I would not advise your friend to have anything to do with those attractive advertisements which appear in the newspapers, offering home employment to gentlewomen at the rate of ten to thirty shillings a week. The dodge is little better than a swindle; perhaps not a swindle in a strictly legal sense, but a swindle all the same.
The way it is worked is this: you are asked to send two or three shillings in the first instance and in return you get a quantity of rubber stamps which you have to sell to your friends at a profit, and when you have disposed of them all (a most unlikely event) you buy more rubber stamps at wholesale prices and sell them at retail ones; or else you receive a packet of wool, which you have to knit into an impossible number of socks and comforters, and for which you will be paid a small sum for so many dozen pairs.
It is a particularly heartless swindle to my mind, because the unfortunate ladies who answer these advertisements can ill afford to waste even two or three shillings, and, of course, they are quite unable to sell the rubber stamps or similar rubbish received in return for their money.
I have received frequent complaints from ladies who have been taken in by this trick, and I should like to see all such advertisements expunged from the newspapers. The advertisement columns contain a good many traps for the unwary. For instance, there is the “lady” who is offering silver fish-knives for sale at an immense sacrifice, unused, and less than half the original value.
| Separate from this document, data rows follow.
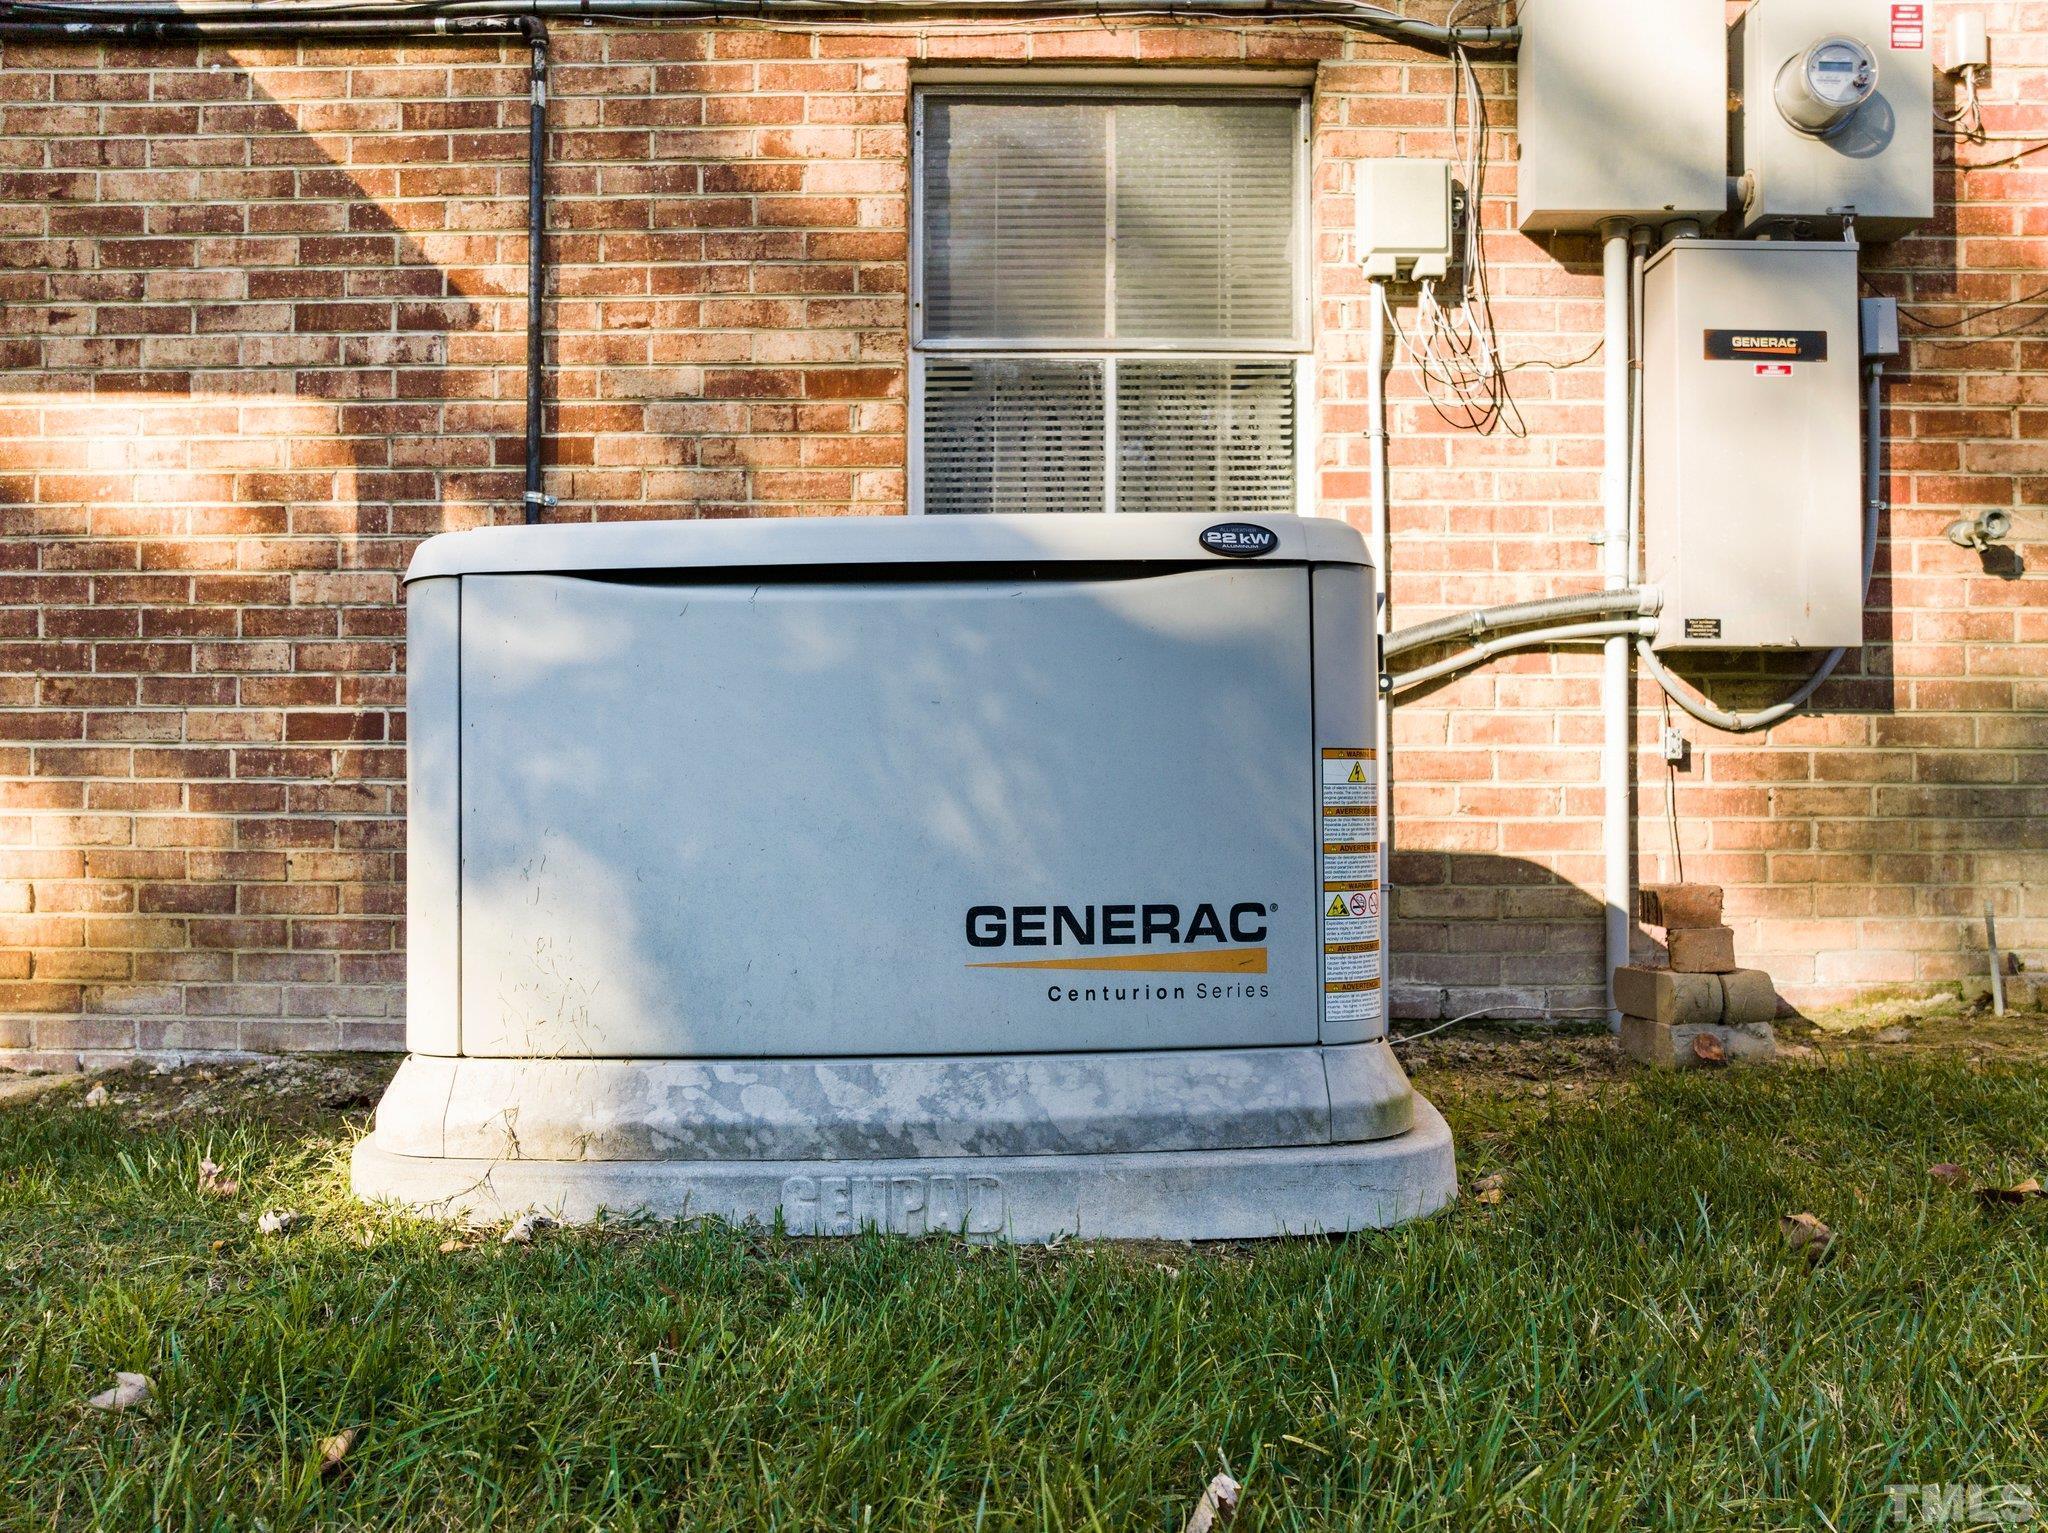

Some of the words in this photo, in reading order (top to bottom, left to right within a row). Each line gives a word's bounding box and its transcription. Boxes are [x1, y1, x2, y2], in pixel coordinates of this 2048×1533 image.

[1731, 336, 1797, 348] GENERAC
[1207, 532, 1238, 544] 22
[1240, 533, 1270, 545] kW
[965, 902, 1268, 947] GENERAC
[1047, 984, 1185, 1002] Centurion
[1196, 982, 1269, 999] Series
You will observe that the word is “value” not “cost”; but she omits to state that the value put upon them is that given to them by herself, and, curiously enough, she is offering a similar sacrifice every day in the year.
I do not suggest that there is any swindle in the above style of advertisement. It is a trick of the trade, and if you are sharp enough you will find that the same “lady” is offering other articles for sale also at a sacrifice in another part of the paper.
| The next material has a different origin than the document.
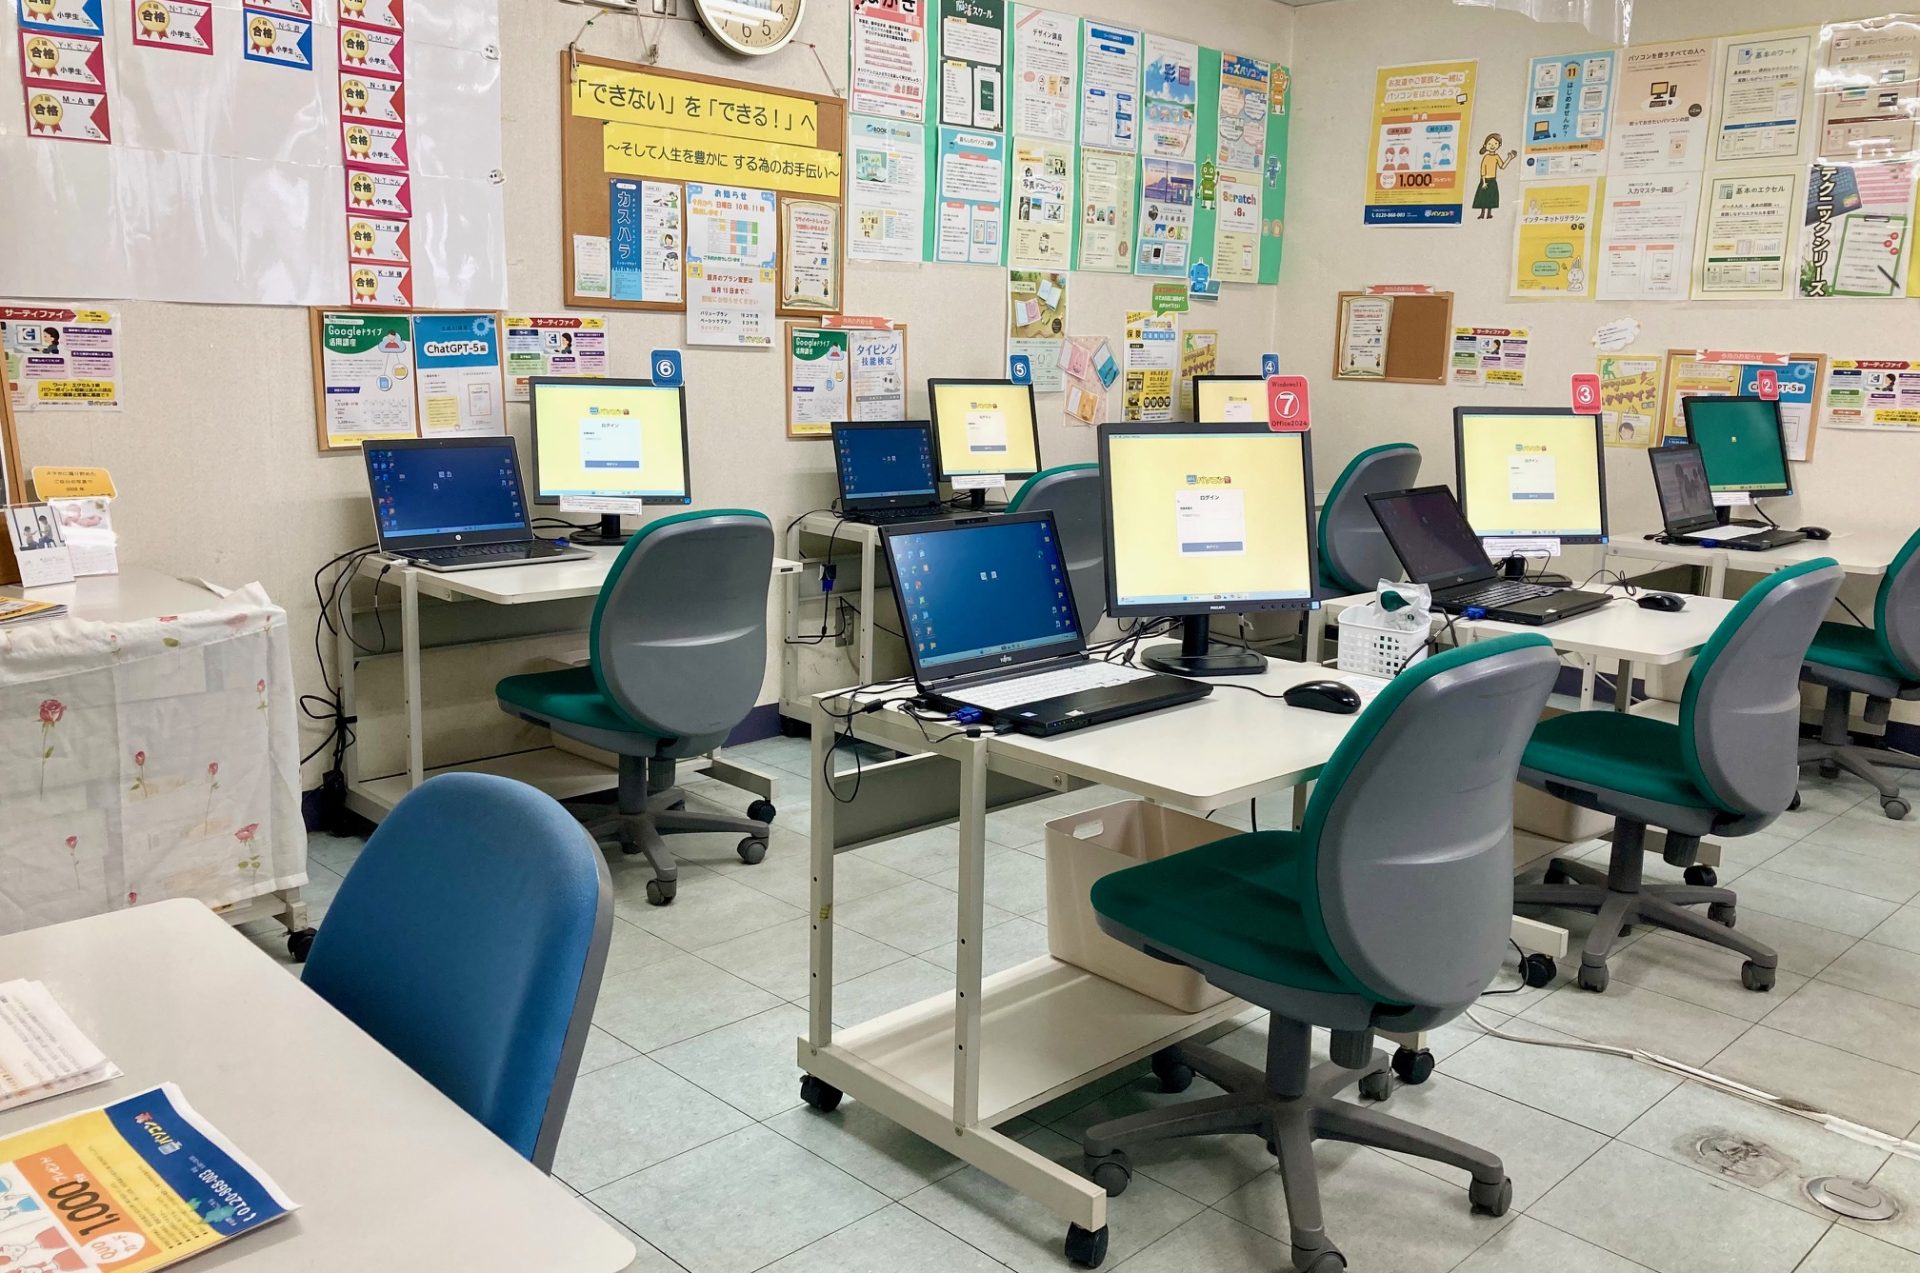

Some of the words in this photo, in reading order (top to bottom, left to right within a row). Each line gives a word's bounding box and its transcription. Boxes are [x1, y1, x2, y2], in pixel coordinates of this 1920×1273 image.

The fact also that nearly all these articles are advertised as “unused” ought to be sufficient to warn people that it is a dealer and not a private individual who is advertising; but people, especially ladies, my dear Dorothy, are so anxious to make a bargain that they cannot resist the temptation to purchase an article, with a fictitious value attached to it, at half price.
A similar article, if bought at a shop in the ordinary way, costs less and lasts longer; but then it would not profess to be a bargain—wherein lies the charm.
I am afraid that I cannot give you any comfort as regards the bill sent in by your stationer, whom you say you have already paid. If you cannot find or did not get a receipt from him you are powerless and will have to pay it over again.